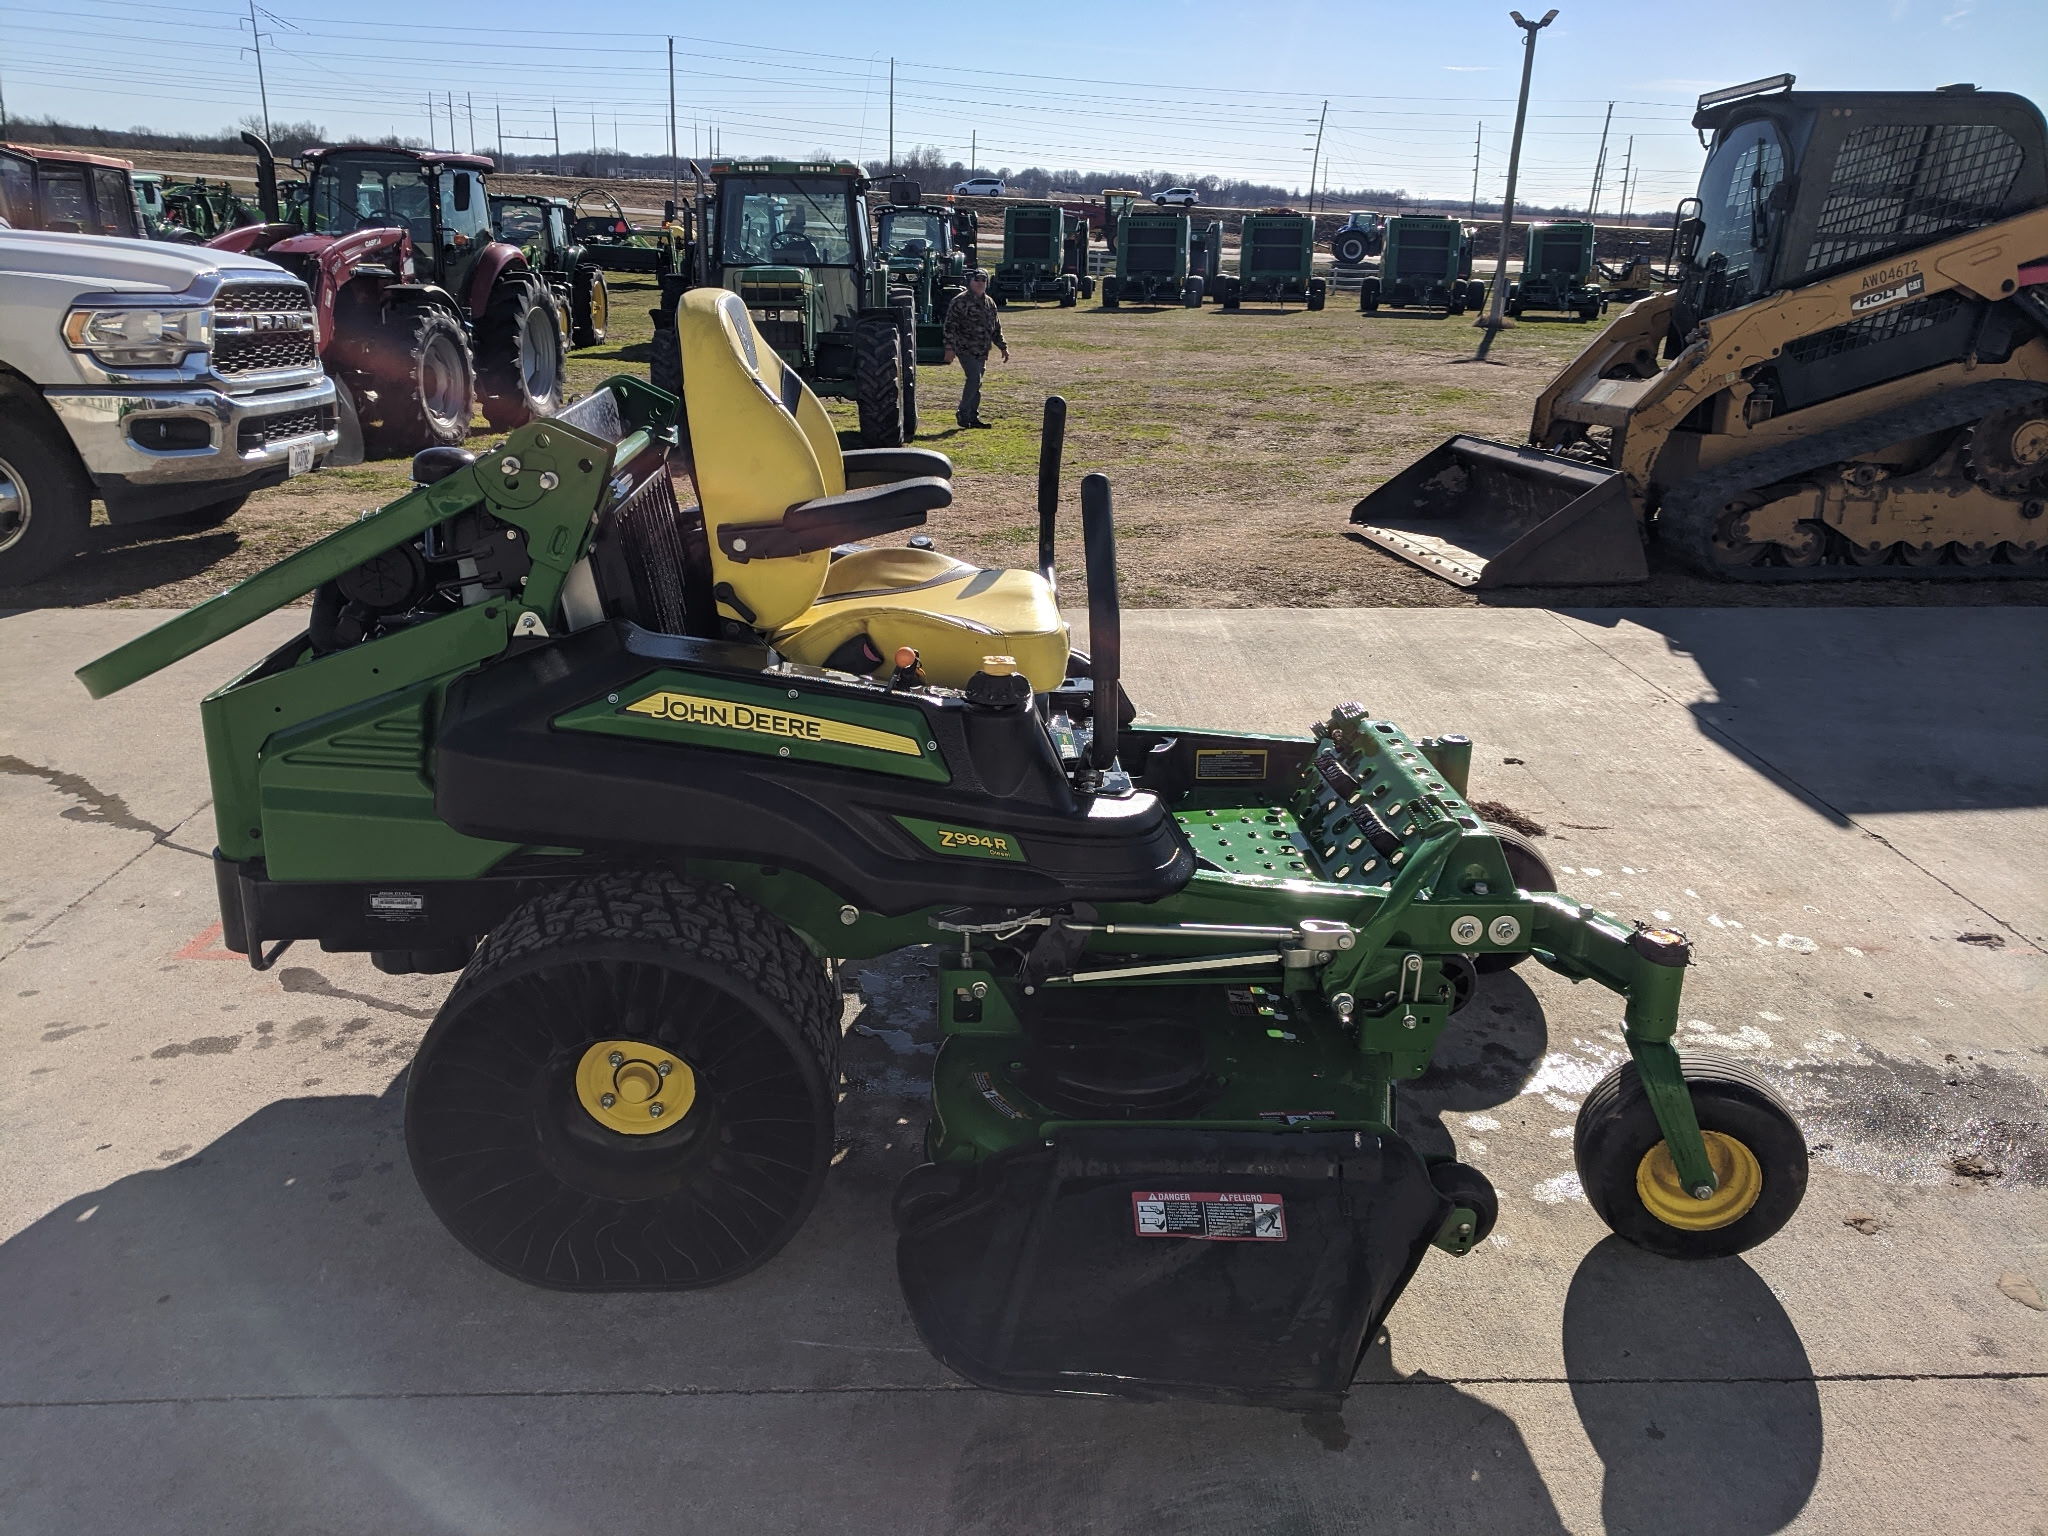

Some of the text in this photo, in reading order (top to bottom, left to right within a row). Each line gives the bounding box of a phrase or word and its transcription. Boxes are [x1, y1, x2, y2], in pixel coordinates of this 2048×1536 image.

[1860, 287, 1898, 307] HOLT
[256, 314, 303, 329] RAM
[654, 696, 821, 738] JOHN DEERE
[938, 830, 1008, 851] Z994R
[1157, 1193, 1191, 1201] DANGER
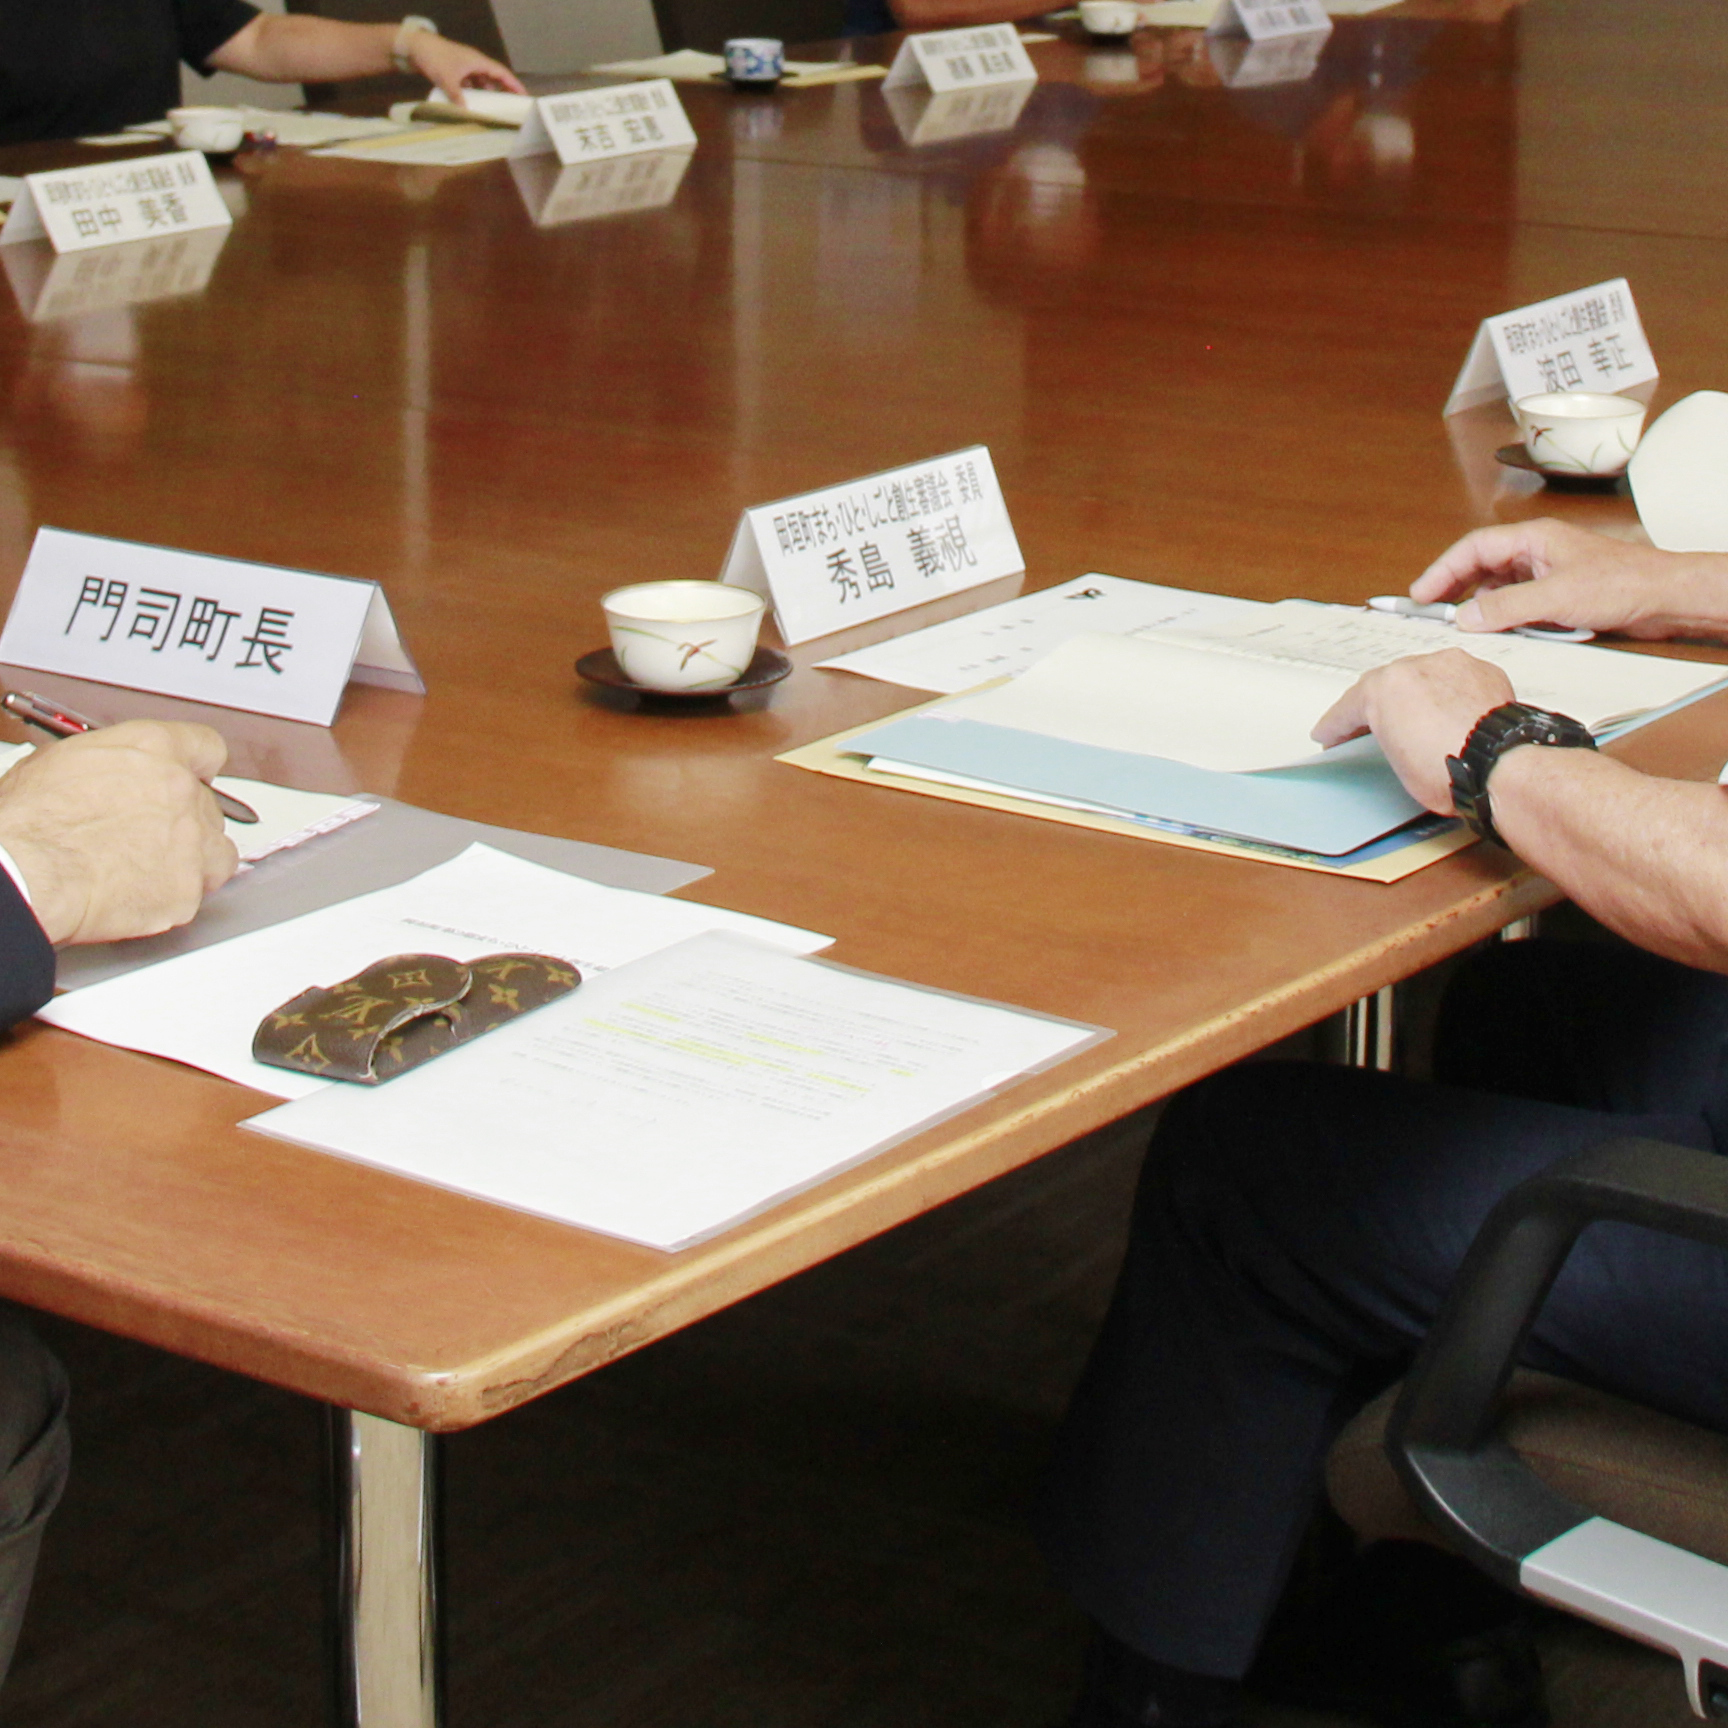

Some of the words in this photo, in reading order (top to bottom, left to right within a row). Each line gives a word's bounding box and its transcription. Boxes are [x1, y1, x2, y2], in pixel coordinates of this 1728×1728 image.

[71, 203, 122, 237] 田中
[825, 540, 896, 605] 秀島
[906, 513, 979, 578] 義視
[64, 574, 296, 676] 門司町長

————————

Prompt. Everything in the data above, apart from the pictures, should be retyped exactly.

Result of the exercise.
Some of the text in this photo, in reading order (top to bottom, left to right within a row). Each line gives the bounding box of a phrase or word and its transcription. Boxes are [x1, y1, x2, y2], in pixel coordinates of this 2048×1536 image.

[1860, 287, 1898, 307] HOLT
[256, 314, 303, 329] RAM
[654, 696, 821, 738] JOHN DEERE
[938, 830, 1008, 851] Z994R
[1157, 1193, 1191, 1201] DANGER

Some of the words in this photo, in reading order (top to bottom, left to right within a row). Each line gives a word's bounding box and its transcription. Boxes are [x1, y1, x2, y2], in pixel coordinates of this 1728×1728 image.

[71, 203, 122, 237] 田中
[825, 540, 896, 605] 秀島
[906, 513, 979, 578] 義視
[64, 574, 296, 676] 門司町長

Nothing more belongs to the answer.